Nel frattempo, tra un ufficio del primo ministro sotto assedio politico per la crisi della guerra a Gaza e in Libano e giudiziario per le inchieste su possibili fughe di notizie, Netanyahu avrebbe pensato di sbarazzarsi anche di Halevi e Ronen Bar, direttore dello Shin Bet, per sostituirli con funzionari fedeli. La manovra sarebbe fallita per l’opposizione degli apparati, mentre le forze conservatrici e moderate che non siedono nel governo stanno alzando l’asticella delle critiche a Netanyahu.

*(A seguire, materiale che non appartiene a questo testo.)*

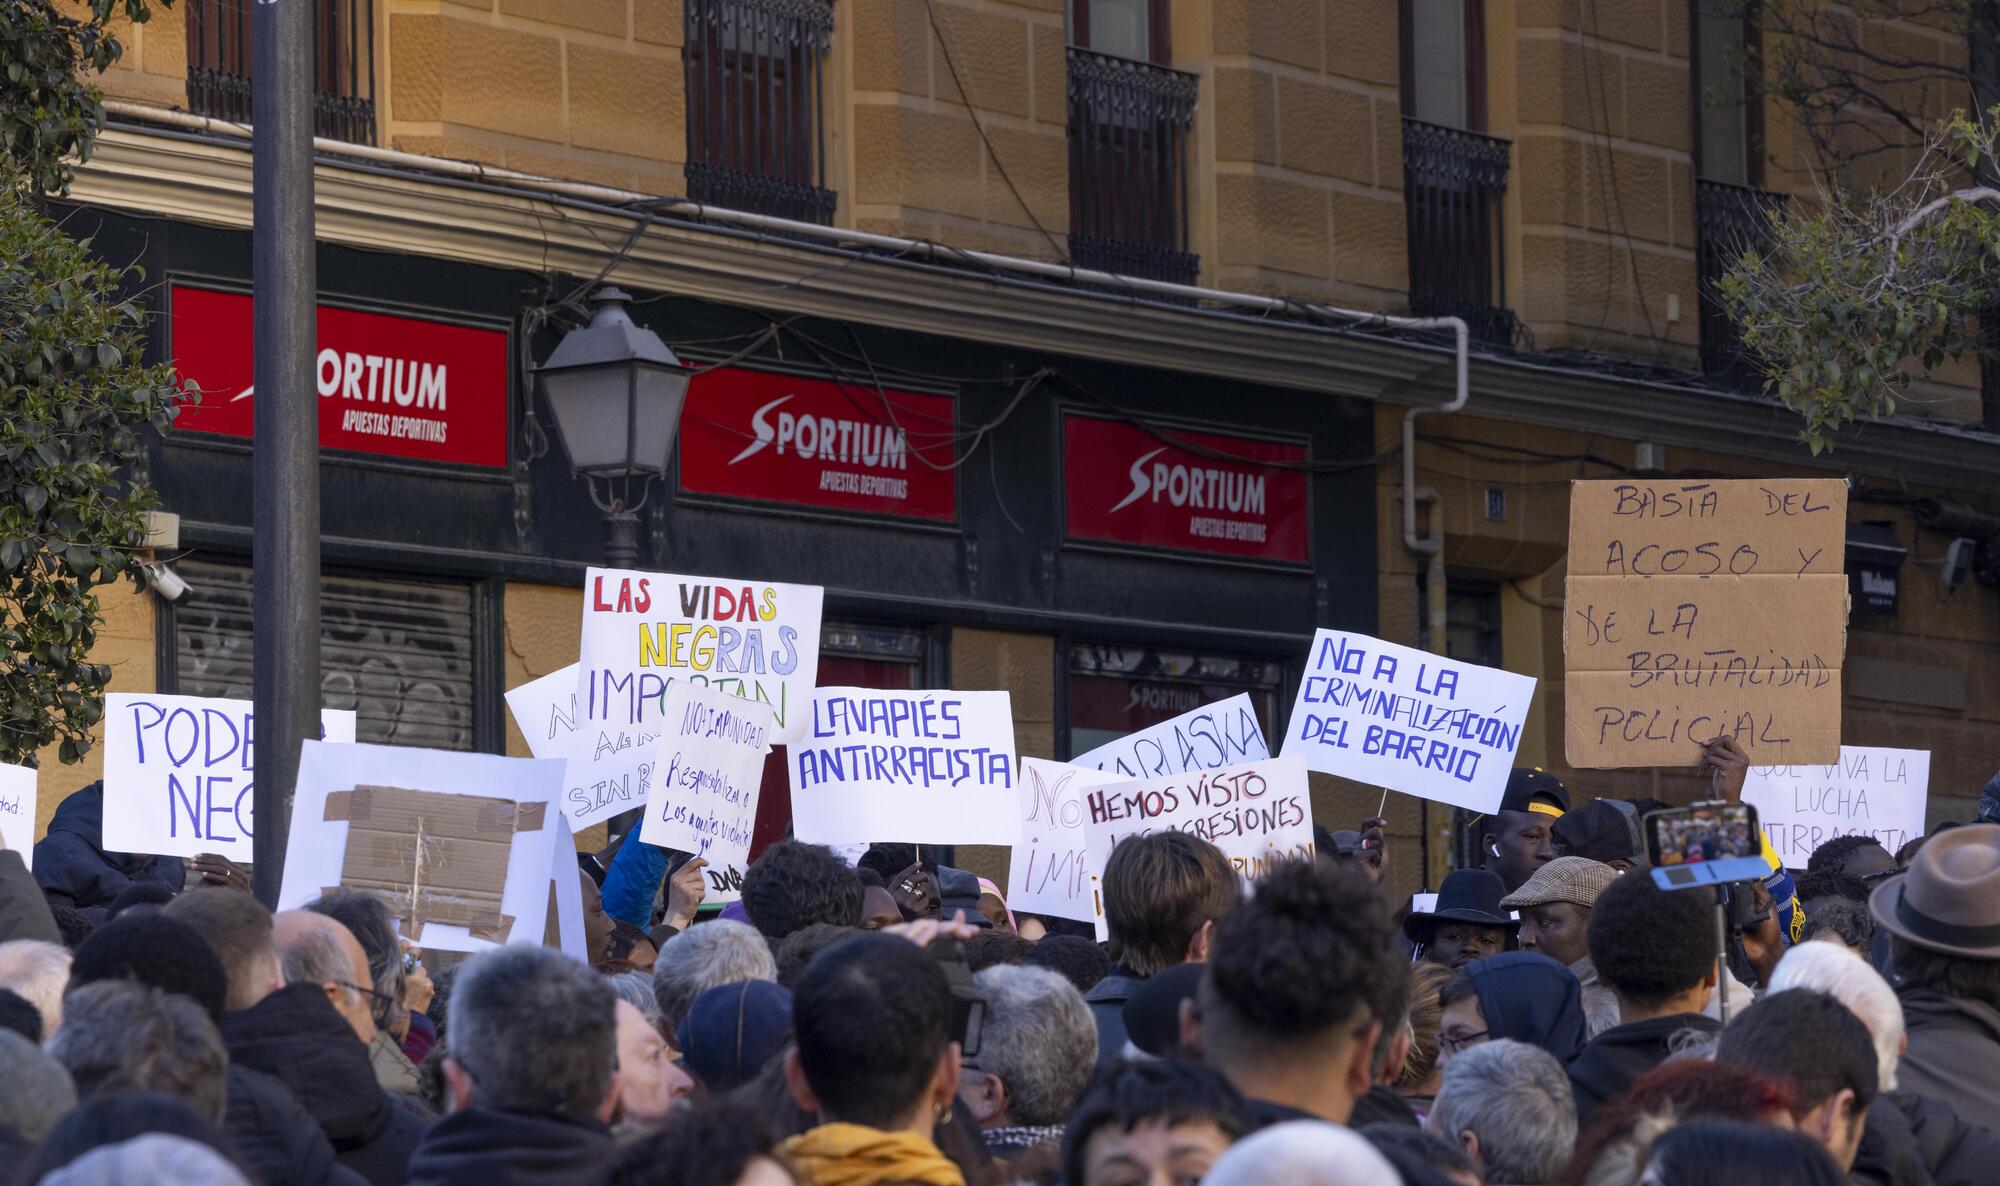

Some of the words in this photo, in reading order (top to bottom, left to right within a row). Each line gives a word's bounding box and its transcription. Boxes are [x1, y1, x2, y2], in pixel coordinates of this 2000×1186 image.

[230, 348, 447, 411] ORTIUM
[342, 409, 389, 437] APUESTAS
[391, 416, 447, 444] DEPORTIVAS
[727, 394, 907, 470] SPORTIUM
[819, 469, 859, 494] APUESTAS
[860, 474, 908, 500] DEPORTIVAS
[1109, 446, 1266, 515] SPORTIUM
[1613, 484, 1717, 518] BASTA
[1759, 487, 1830, 516] DEL
[1606, 539, 1759, 579] ACOSO
[1798, 547, 1823, 580] Y
[593, 576, 651, 614] LAS
[679, 583, 777, 622] VIDAS
[1648, 602, 1698, 640] LA
[639, 622, 798, 675] NEGRAS
[1373, 654, 1398, 684] A
[1415, 663, 1459, 700] LA
[814, 693, 962, 740] LAVAPIÉS
[1303, 676, 1520, 753] CRIMINALIZACIÓN
[1301, 714, 1349, 749] DEL
[1363, 724, 1482, 783] BARRIO
[1884, 757, 1907, 785] LA
[169, 772, 254, 843] NEG
[568, 773, 631, 818] SIN
[662, 800, 687, 824] Los
[1087, 786, 1179, 825] HEMOS
[1795, 786, 1870, 820] LUCHA
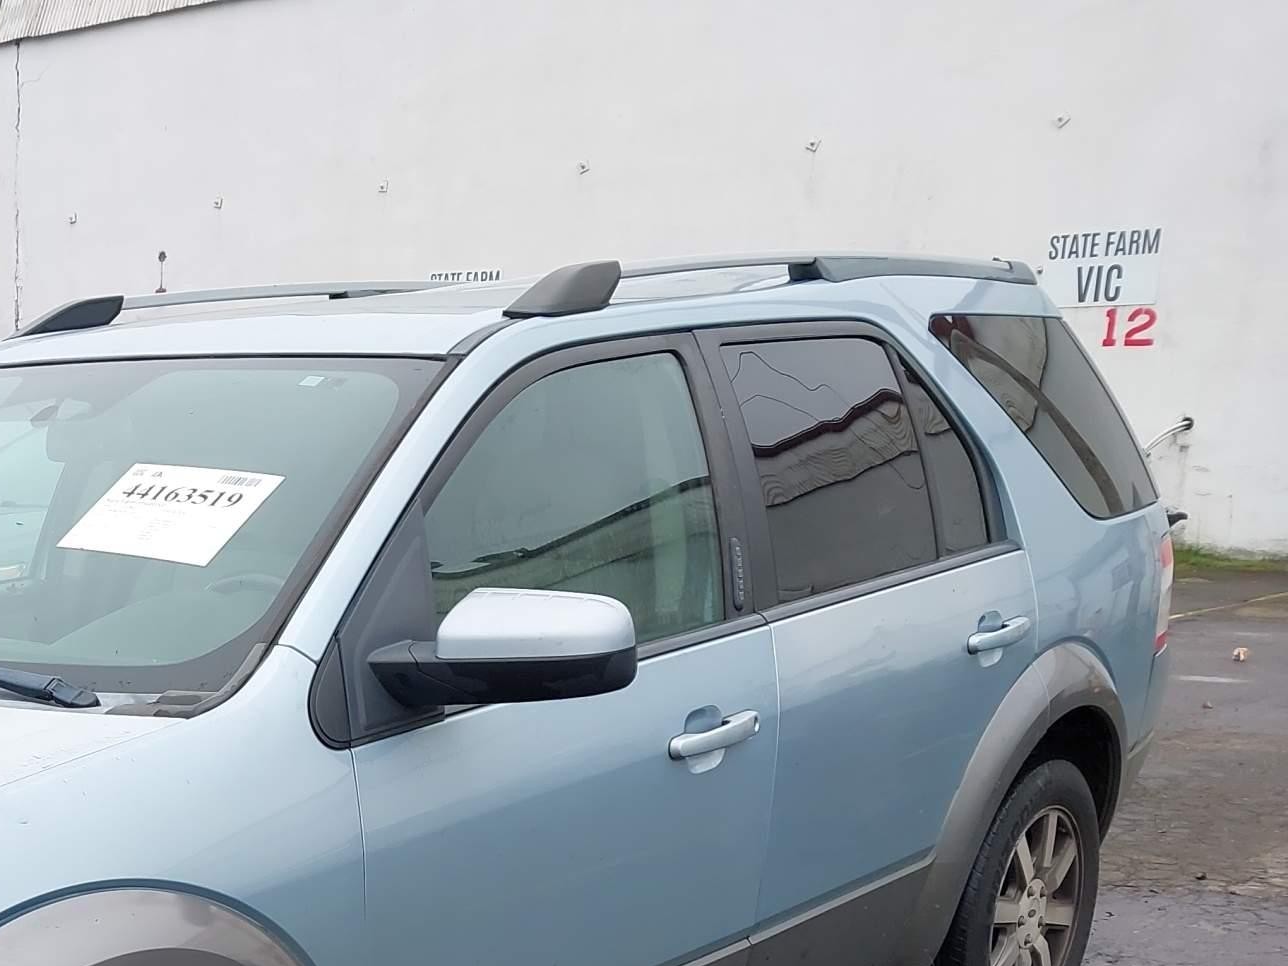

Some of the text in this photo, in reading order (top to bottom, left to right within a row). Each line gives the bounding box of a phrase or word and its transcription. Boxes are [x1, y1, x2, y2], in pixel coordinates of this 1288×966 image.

L’ex premier Yair Lapid ha definito il licenziamento di Gallant un segno dell’incapacità militare e strategica del premier. E la volontà di aprire questo dossier mentre oltre Atlantico gli Usa votavano sembra lasciar presuppore il tentativo di mettere tutto a posto, e rimuovere con Gallant una figura scomoda, mentre l’alleato poteva apparire turbato. Gallant è stato a lungo tratto d’unione e figura realista del potere di Tel Aviv. Senza di lui chiunque voglia porre un freno alla guerra a Gaza perde un interlocutore. Si può ascrivere a questo partito anche il neo-eletto Donald Trump? Alla luce del discorso di festeggiamento della vittoria, in cui The Donald ha detto di voler porre fine “a tutte le guerre”, probabilmente sì. Dai fatti lo giudicheremo: ma certamente, con la cacciata Gallant l’obiettivo di dare un limite a Israele è di più difficile soddisfazione. Con tutte le ovvie conseguenze del caso.